Dalam konteks pilpres Indonesia 2024, nyaris mustahil Cina hanya jadi penonton. Indonesia terlalu penting bagi Cina di tengah persaingan strategis dengan AS di Indo-Pasifik.

“Mengendalikan” Indonesia, big brother-nya ASEAN, merupakan keniscayaan bagi Cina untuk menguatkan posisi tawarnya dalam klaim tumpang tindih dengan empat anggota ASEAN di Laut Cina Selatan (LCS) yang kaya energi. Juga untuk melemahkan posisi AS yang menantang klaim Cina itu.

Dalam kaitan ini, kita layak menduga berbagai upaya pemerintahan Jokowi untuk memperpanjang masa jabatan presiden dan menyingkirkan Anies Baswedan dari arena kontestasi pilpres tak lepas dari pesanan Cina sebagai “sekutu” pemerintahan Jokowi.

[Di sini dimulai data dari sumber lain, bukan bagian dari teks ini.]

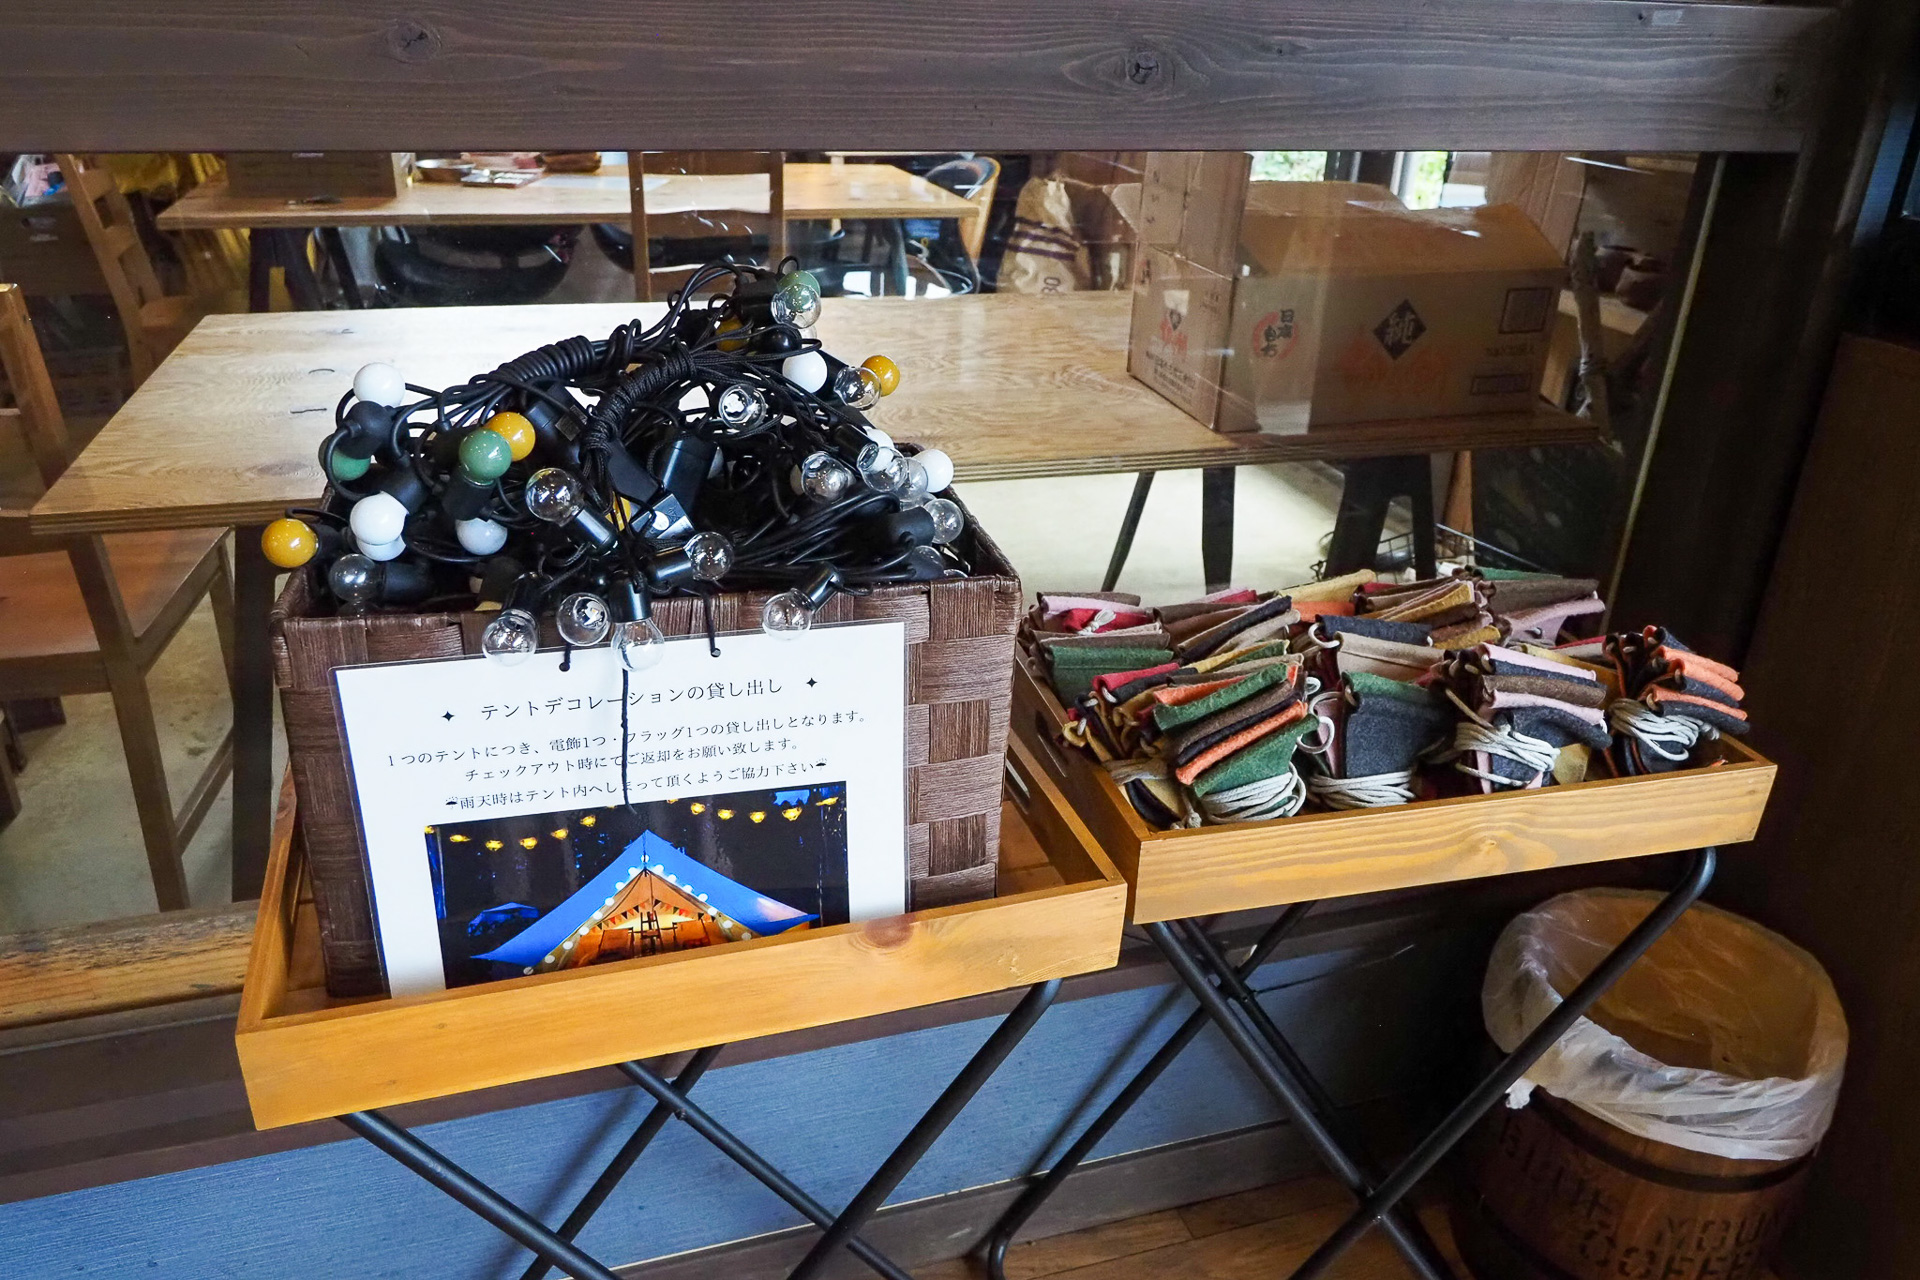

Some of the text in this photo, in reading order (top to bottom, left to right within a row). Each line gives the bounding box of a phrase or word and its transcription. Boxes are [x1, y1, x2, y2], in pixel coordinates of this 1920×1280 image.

[481, 678, 783, 720] テントデコレーションの貸し出し

Pemerintah bukan hanya akrab, tapi juga melayani kepentingan Cina. Sementara Anies adalah antitesa Jokowi yang didukung kelompok yang kritis terhadap Negara Tirai Bambu itu.

Lebih jauh, Anies dicurigai didukung AS dan Uni Eropa. Juga Jepang, Taiwan, Australia, dan India. Kunjungan Dubes AS untuk Indonesia Sung Yong Kim ke markas PKS pasti memperkuat kecurigaan Cina itu.

Dus, upaya KPK mempersangkakan Anies dalam kasus Formula-E sangat mungkin merupakan bagian dari upaya Cina menjaga keberlanjutan kekuatan status quo. Taruhannya terlalu besar bila Anies jadi presiden.

Kudeta militer di Myanmar yang didukung Cina untuk menyingkirkan pemerintahan demokratis dukungan AS sulit untuk dipisahkan dari konteks pertarungan Cina-AS.

Tanpa dukungan — mungkin juga dorongan Cina — hampir mustahil militer berani mengambil alih kekuasaan yang sangat beresiko bagi kelangsungan hidup junta militer.

Cina butuh Myanmar untuk mendapatkan pijakan di Selat Malaka yang sangat strategis dan instrumental bagi kepentingan geostrategisnya, terutama untuk memperkuat posisinya di LCS. Tapi kendali atas Myanmar tak akan ada artinya tanpa dukungan Indonesia yang menguasai seluruh sisi selatan Selat Malaka.

Tetapi lebih dari sekadar isu pilpres, kepentingan Cina di Indonesia bersifat jangka panjang. Kebetulan Beijing telah menemukan mitra yuniornya di Indonesia sejak 2014.

Sejak berkuasa, berbagai kebijakan pemerintahan Jokowi — yang langsung maupun tidak langsung beririsan dengan kepentingan Cina — patut dicurigai sebagai bagian dari grand design Cina. Gejalanya dapat diamati pada beberapa fakta berikut.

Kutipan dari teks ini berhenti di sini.